Would you repeat the data below exactly, taking out the images?

START Supplied material

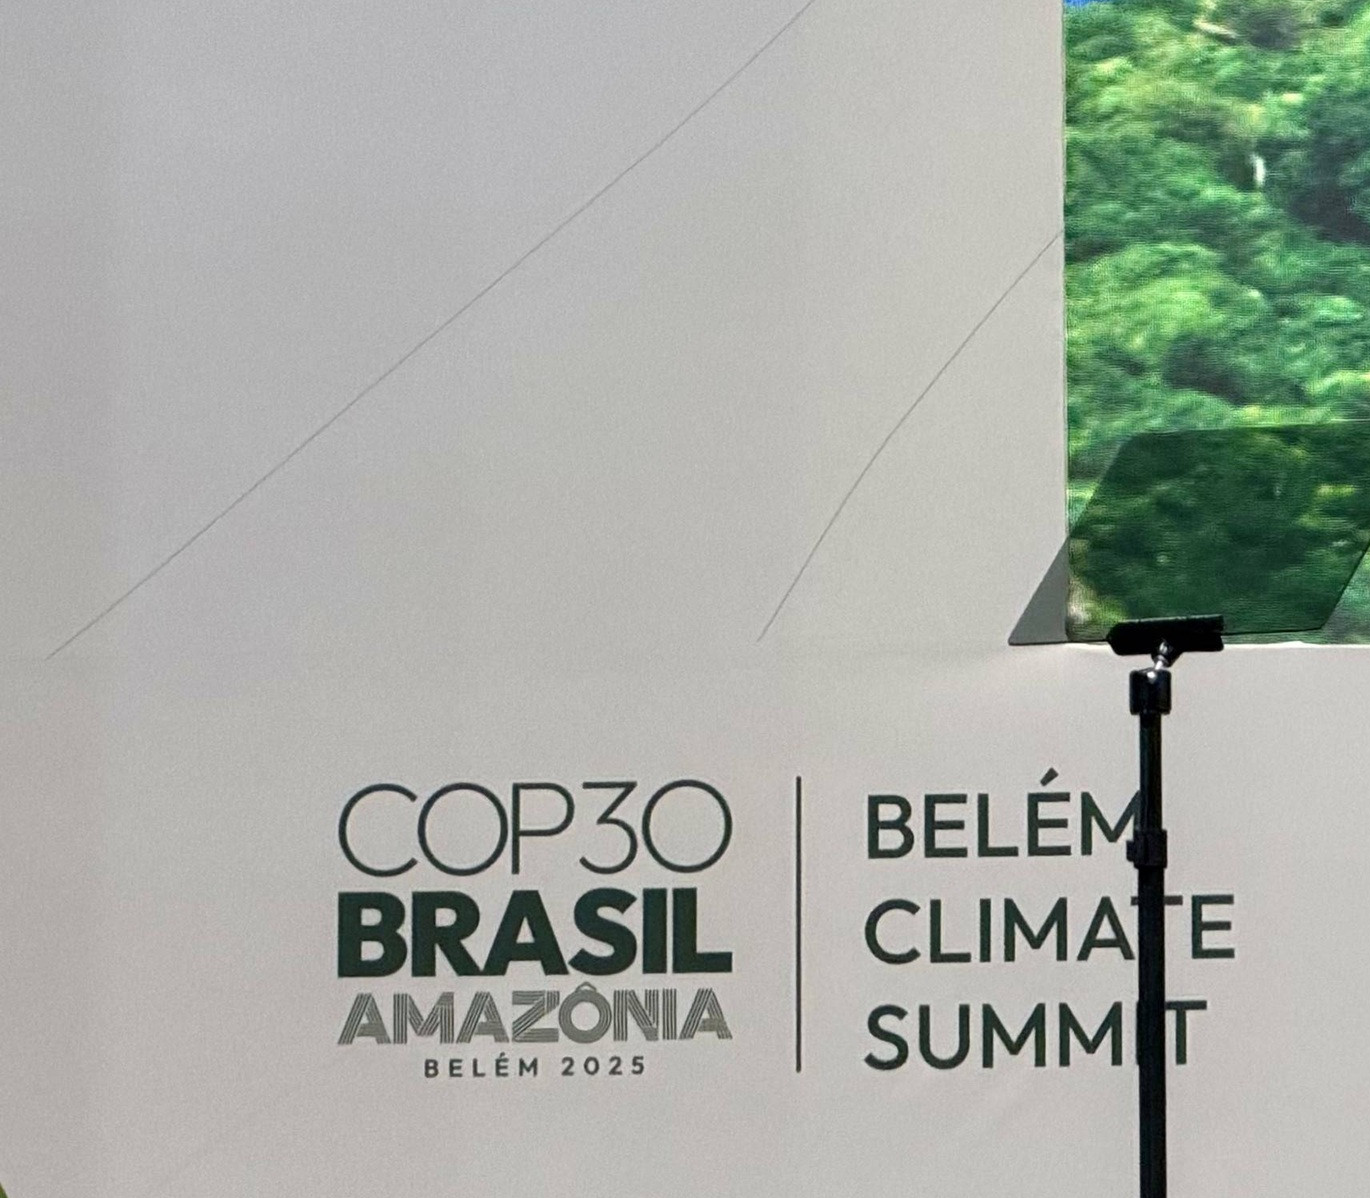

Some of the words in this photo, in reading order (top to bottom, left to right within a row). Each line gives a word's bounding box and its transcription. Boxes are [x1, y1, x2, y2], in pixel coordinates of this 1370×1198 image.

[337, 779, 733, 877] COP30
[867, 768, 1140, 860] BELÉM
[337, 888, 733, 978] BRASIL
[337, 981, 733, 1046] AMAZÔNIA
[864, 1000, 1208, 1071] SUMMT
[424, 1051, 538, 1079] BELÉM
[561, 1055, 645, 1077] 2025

END Supplied material

:: Exercise solution ::
Some of the words in this photo, in reading order (top to bottom, left to right within a row). Each line gives a word's bounding box and its transcription. Boxes are [x1, y1, x2, y2], in pixel coordinates of this 1370×1198 image.

[337, 779, 733, 877] COP30
[867, 768, 1140, 860] BELÉM
[337, 888, 733, 978] BRASIL
[337, 981, 733, 1046] AMAZÔNIA
[864, 1000, 1208, 1071] SUMMT
[424, 1051, 538, 1079] BELÉM
[561, 1055, 645, 1077] 2025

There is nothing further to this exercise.